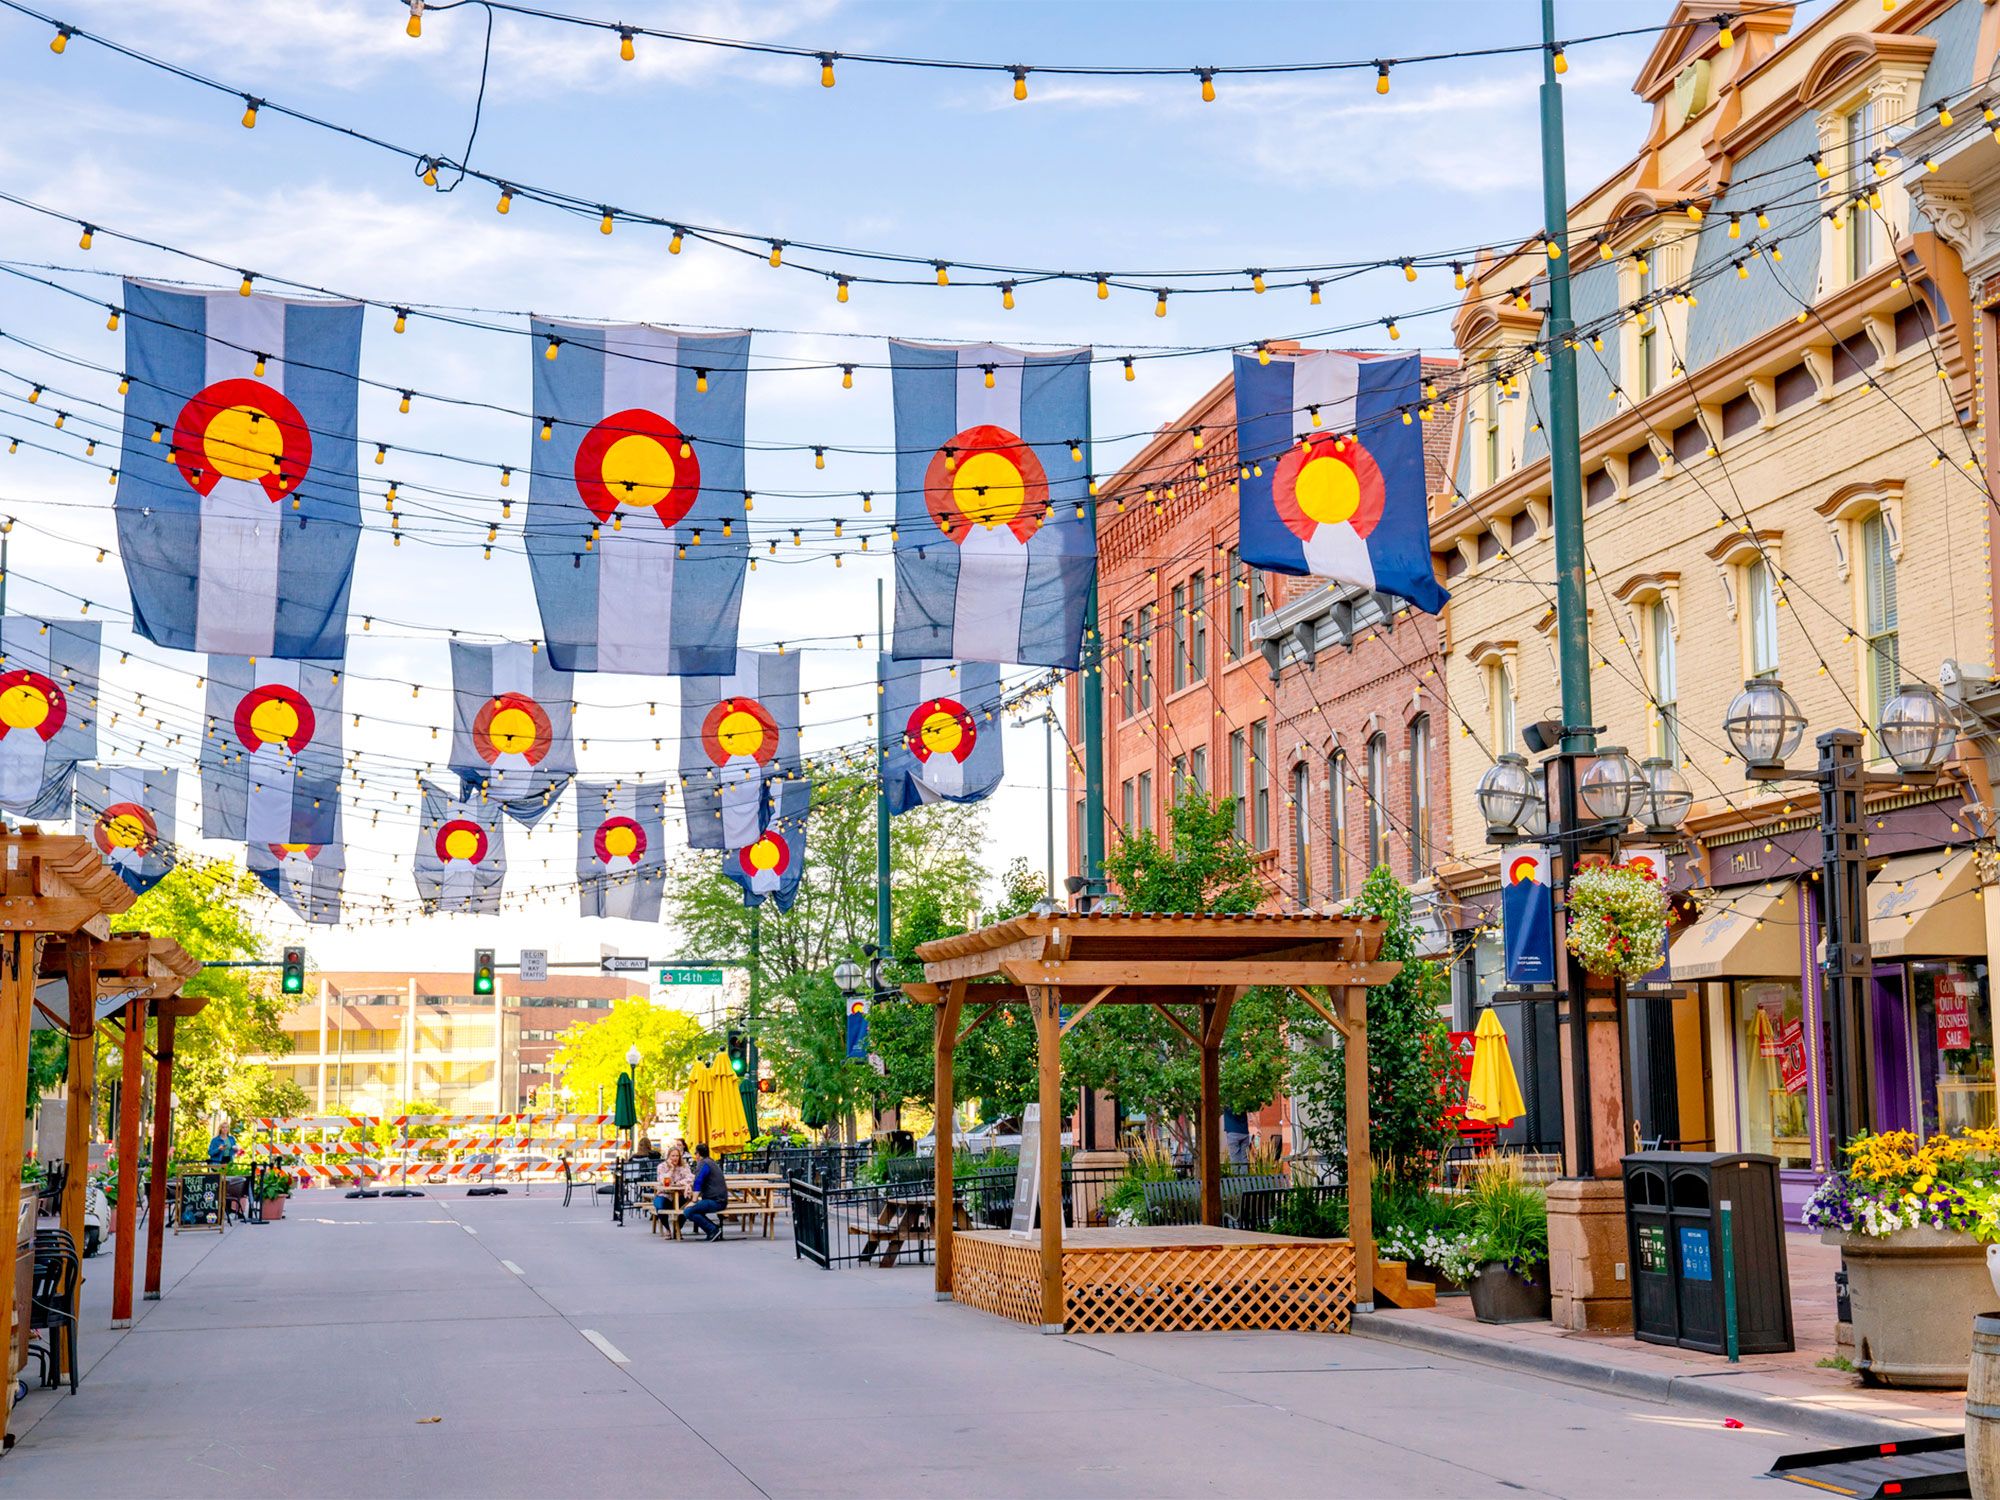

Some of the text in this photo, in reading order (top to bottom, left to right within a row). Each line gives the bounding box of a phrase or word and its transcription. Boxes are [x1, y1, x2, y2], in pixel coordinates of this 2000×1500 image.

[1730, 851, 1762, 874] HALL
[678, 972, 703, 983] 14th
[1940, 995, 1964, 1010] OUT OF
[1938, 1013, 1968, 1028] BUSINESS
[1946, 1031, 1962, 1045] SALE
[183, 1176, 205, 1184] TREAT
[205, 1183, 218, 1191] PUP
[183, 1193, 202, 1204] SHOP
====
Print the listing verbatim, images excluded.

Some of the text in this photo, in reading order (top to bottom, left to right within a row). Each line gives the bounding box of a phrase or word and its transcription. Boxes are [x1, y1, x2, y2], in pixel coordinates of this 2000×1500 image.

[1730, 851, 1762, 874] HALL
[678, 972, 703, 983] 14th
[1940, 995, 1964, 1010] OUT OF
[1938, 1013, 1968, 1028] BUSINESS
[1946, 1031, 1962, 1045] SALE
[183, 1176, 205, 1184] TREAT
[205, 1183, 218, 1191] PUP
[183, 1193, 202, 1204] SHOP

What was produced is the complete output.